Asimov’s Psychohistory and Physics

Celebrated Sci-fi writer Isaac Asimov came up with a very intriguing premise for his classic Foundation Series. The character who sets off the events of the series, Hari Seldon, is a Professor of Mathematics who develops a statistical method – the creatively named psychohistory – to predict the future course of “humanity” which is now spread across billions of planets in a Galaxy and is of the order of one quintillion. Using his methods, he predicts that the Galactic Empire will fail (inspired by Edward Gibbon’s History of the Decline and Fall of the Roman Empire). He predicted that the dark age following this event would last thirty thousand years. Presumably using his model’s predictive powers, he creates a plan of interventions (the “Seldon Plan”) that would limit this to a thousand years instead and puts it in action. The method is explained to be a marriage of statistics and sociology assuming a huge population and some sociological precepts like Mass Action.

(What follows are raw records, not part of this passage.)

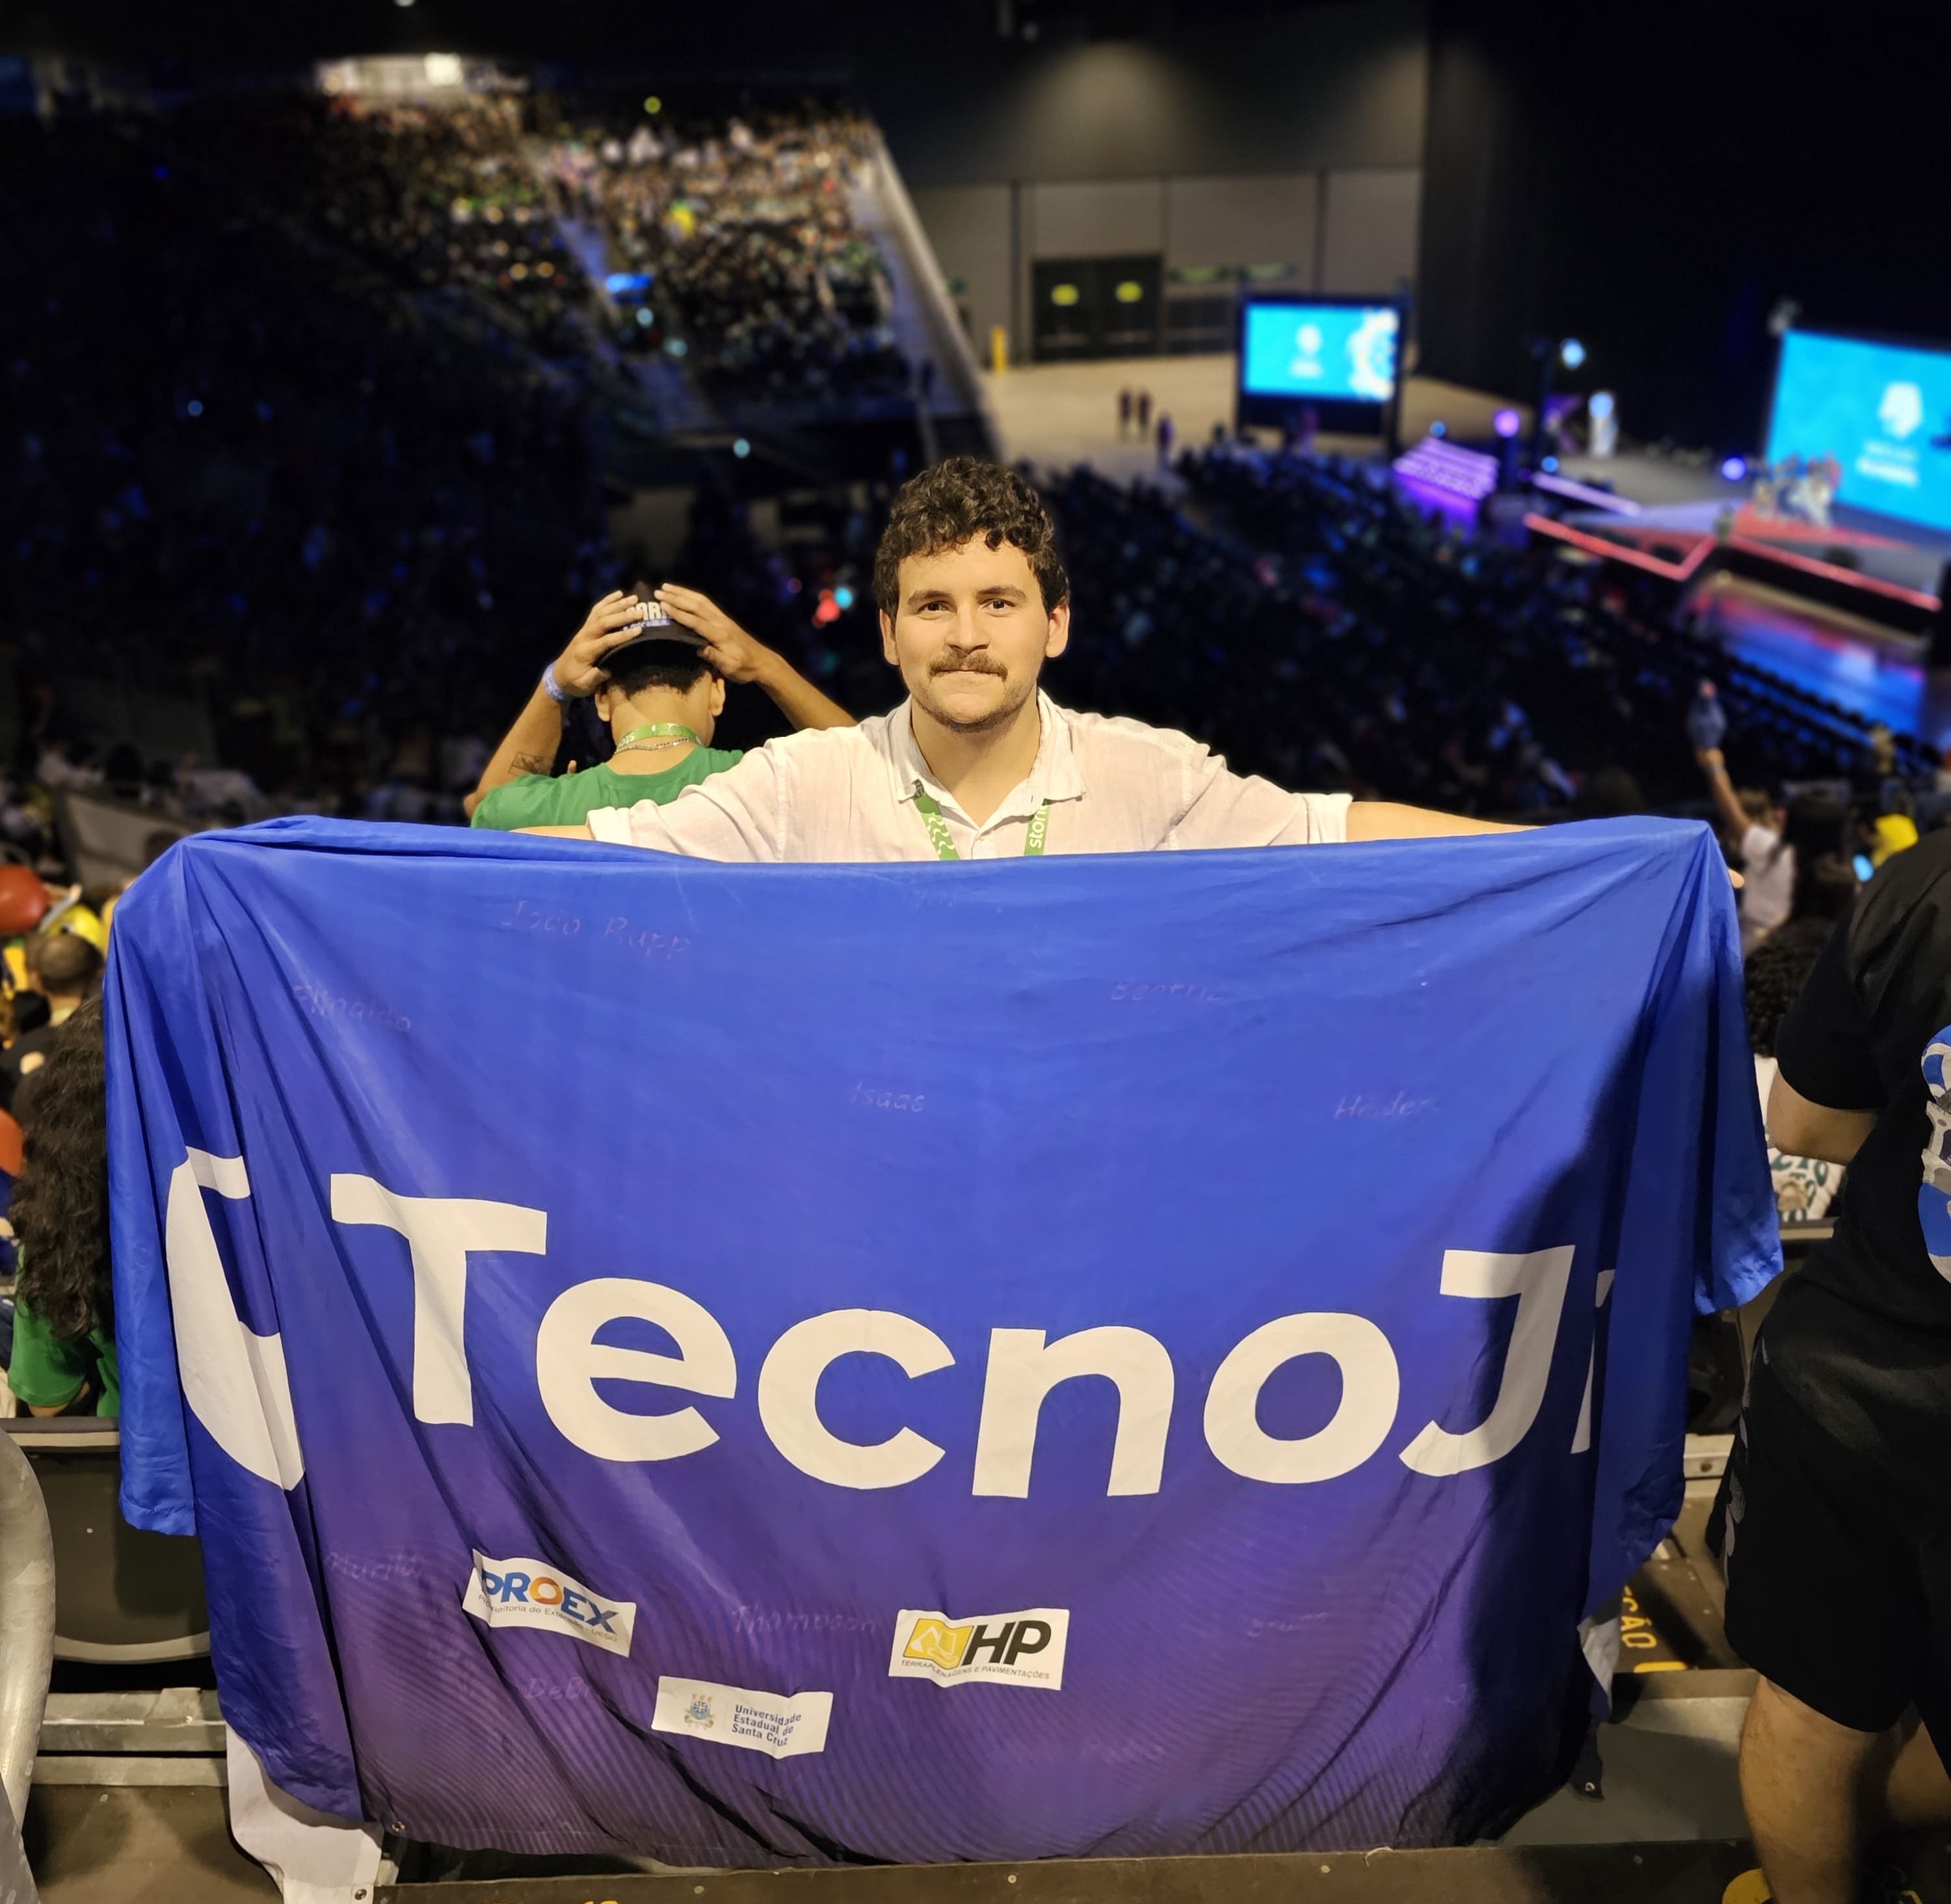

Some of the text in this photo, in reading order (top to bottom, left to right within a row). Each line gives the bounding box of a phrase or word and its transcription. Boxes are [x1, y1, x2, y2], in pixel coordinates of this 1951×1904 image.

[482, 1570, 618, 1635] PROEX
[961, 1620, 1052, 1667] HP
[901, 1659, 972, 1678] TERRAPLENAGENS
[981, 1665, 1050, 1680] PAVIMENTAÇÕES
[734, 1713, 793, 1736] Estadual de
[735, 1704, 801, 1726] Universidade
[732, 1723, 788, 1747] Santa Cruz
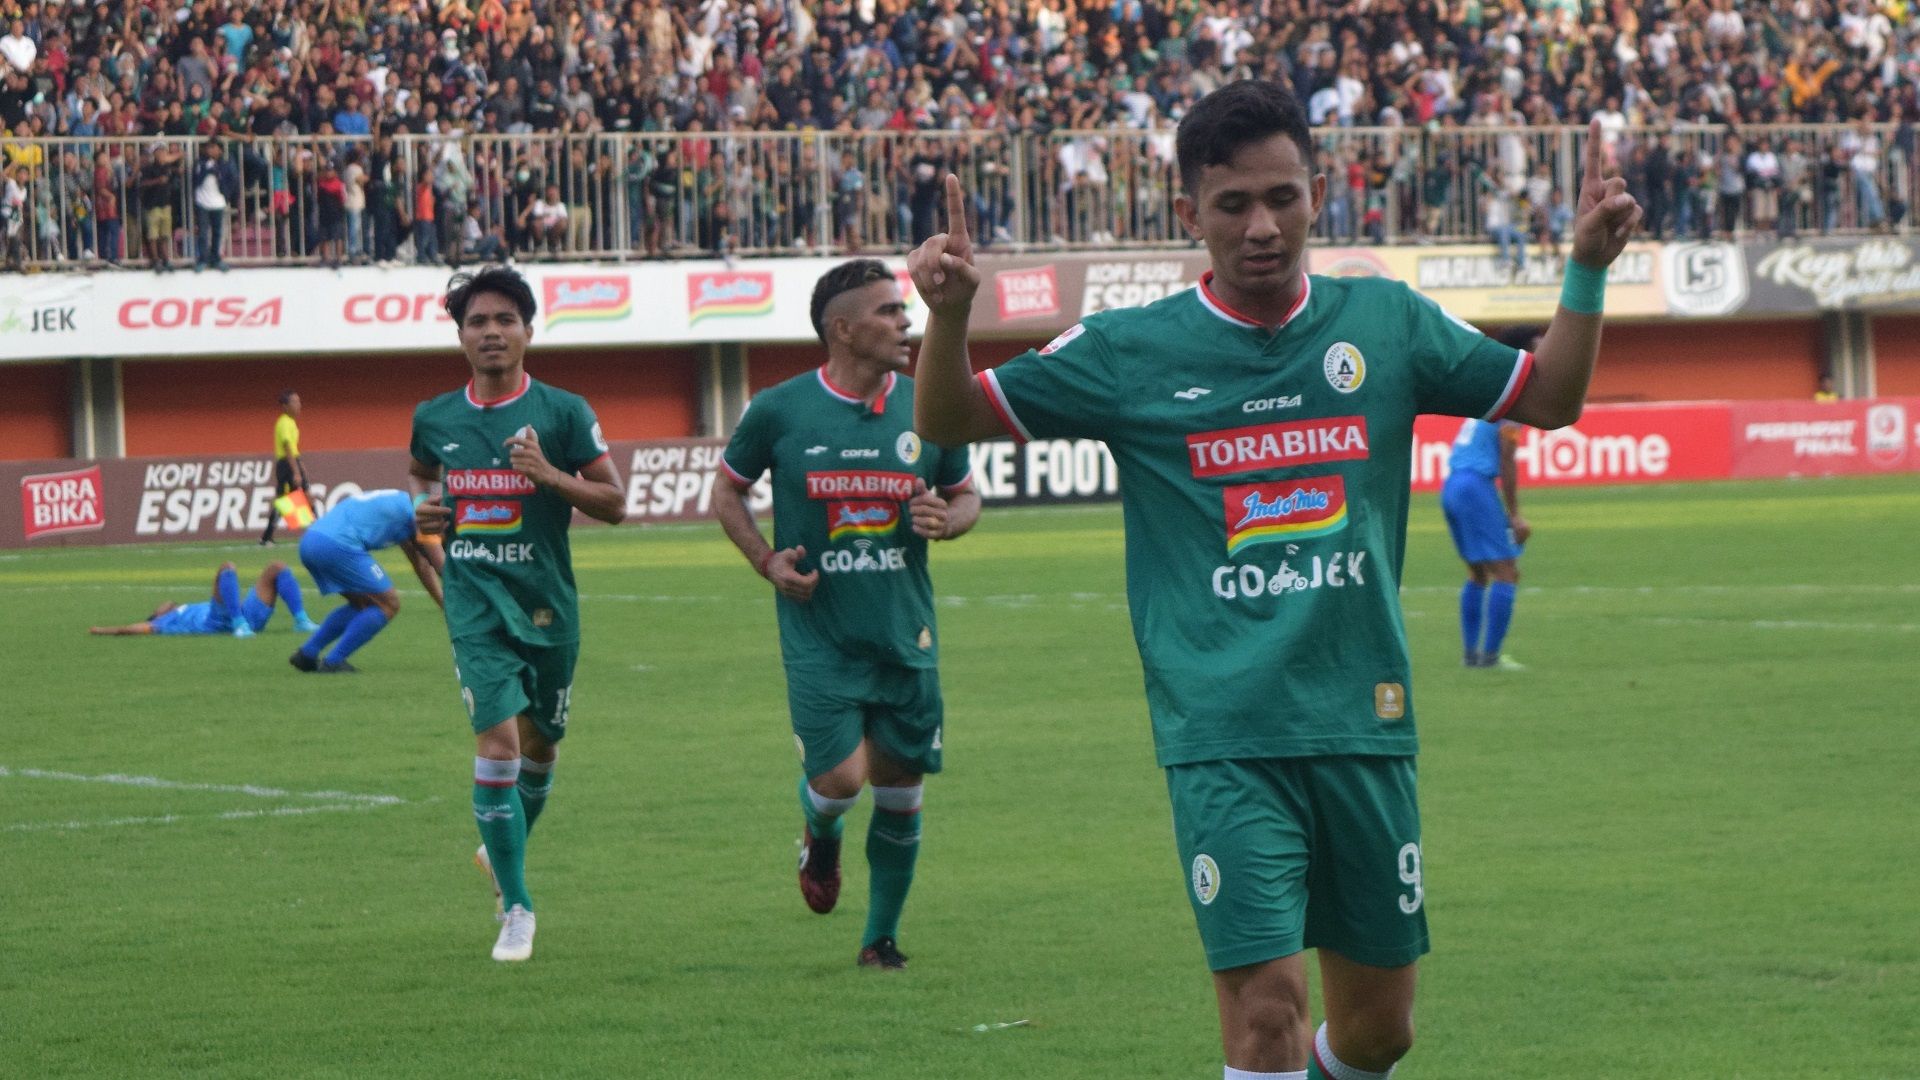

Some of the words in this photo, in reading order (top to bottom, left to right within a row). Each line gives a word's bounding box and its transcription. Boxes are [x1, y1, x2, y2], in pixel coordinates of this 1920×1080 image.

[31, 306, 76, 333] JEK
[631, 448, 685, 471] KOPI
[1188, 425, 1369, 468] TORABIKA
[144, 463, 203, 488] KOPI
[206, 460, 273, 485] SUSU
[807, 476, 913, 494] TORABIKA
[27, 478, 96, 505] TORA
[33, 501, 97, 528] BIKA
[1398, 842, 1424, 914] 9

What has this got to do with Physics? I recently read a few interesting popular science books – In Search of Schrodinger’s Cat by John Gribbin, Albert Einstein’s Relativity: The Special and the General Theory and Cycles of Time by Roger Penrose. The first was written in very simple language and left me with a decent grasp of the ideas of Quantum Theory without delving into the Math. The relevant point to this topic from this book was the fact that the mathematics told us weird things like an electron moving forward in time was equivalent to a positron moving backward in time! What meaning then does time have? The second was a surprisingly lucid book as well and provided a good understanding of Relativity theory. The third I suspect is a brilliant book but I barely understood it. The concept was that Entropy increases with time and ultimately the Universe is filled with mass-less red-shifted photons where distance loses all meaning and this state can become the starting point of a new Big Bang (which is supposed to be a very low entropy state). Gravity plays a huge part in these sequence of events (like smashing black-holes together for example). The mathematics and the geometry were easily beyond me. But what I learned using these readings is that apparently Entropy is the only physical concept that gives meaning to the concept of time.

Further to this I came across an interesting article – A New Physics Theory of Life – from about a year ago on research by Jeremy England from MIT. I then read the original paper that triggered the media hype – Statistical Physics of Self-replication – which basically tries to explain that a biological process like self-replication is inevitable if we follow through with the ideas of Entropy and Thermodynamics in a statistical sense. It seems to say that, in its inexorable march towards higher and higher entropy, the Universe inevitably gives rise to life because life is a system that can work very close to perfect thermodynamic efficiency and give rise to disorder much more effectively! The questions this research raises are several. Intelligent life is capable of increasing entropy much faster than the lazy mammals! Is that why we evolved? Where then do we go from here? Can we predict the broad contours of our future using the statistics of entropy and thermodynamics? Especially with billions on humans on our planet and may be several other intelligent species across other planets in our galaxy? Is Interstellar travel then fated to happen! Wars between planets, the power to harness the energy of several stars, all ensuring that the march towards a high entropy state continues and is probably even sped up!

Now try telling me this doesn’t sound a bit like Asimov’s psychohistory!